(Data items)
┄┄┄┄┄┄┄┄┄┄

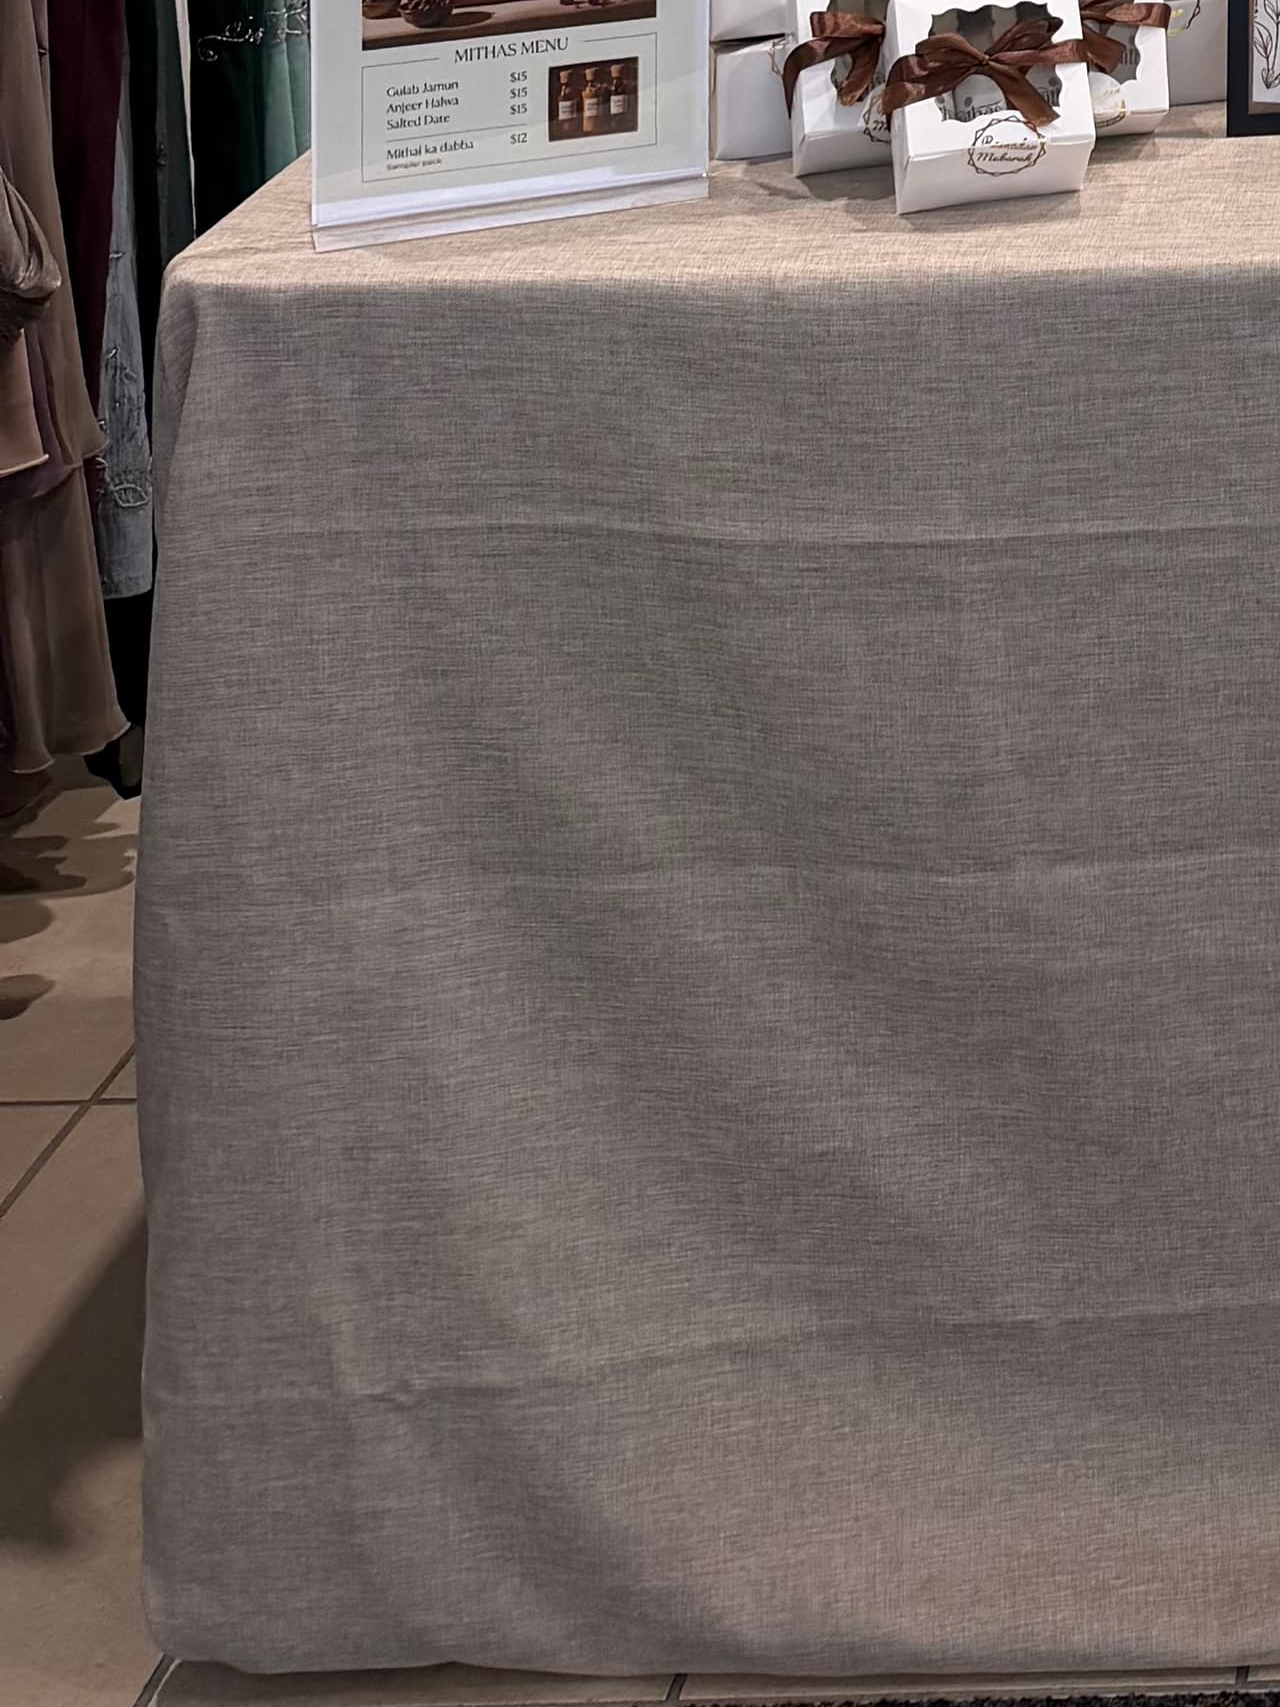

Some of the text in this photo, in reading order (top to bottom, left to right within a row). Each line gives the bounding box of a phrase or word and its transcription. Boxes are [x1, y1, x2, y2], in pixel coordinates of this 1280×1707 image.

[453, 36, 570, 64] MITHAS MENU
[509, 70, 528, 83] $15
[386, 80, 459, 98] Gulab Jamun
[509, 86, 528, 99] $15
[386, 100, 422, 115] Anjeer
[509, 102, 528, 116] $15
[386, 114, 451, 131] Salted Date
[509, 132, 528, 145] $12
[424, 143, 438, 155] ka
[439, 139, 474, 153] dabba

┄┄┄┄┄┄┄┄┄┄

*Work required*
Go through the lines above and write each one out verbatim, skipping the pictures.

*Result for this exercise*
Some of the text in this photo, in reading order (top to bottom, left to right within a row). Each line gives the bounding box of a phrase or word and its transcription. Boxes are [x1, y1, x2, y2], in pixel coordinates of this 1280×1707 image.

[453, 36, 570, 64] MITHAS MENU
[509, 70, 528, 83] $15
[386, 80, 459, 98] Gulab Jamun
[509, 86, 528, 99] $15
[386, 100, 422, 115] Anjeer
[509, 102, 528, 116] $15
[386, 114, 451, 131] Salted Date
[509, 132, 528, 145] $12
[424, 143, 438, 155] ka
[439, 139, 474, 153] dabba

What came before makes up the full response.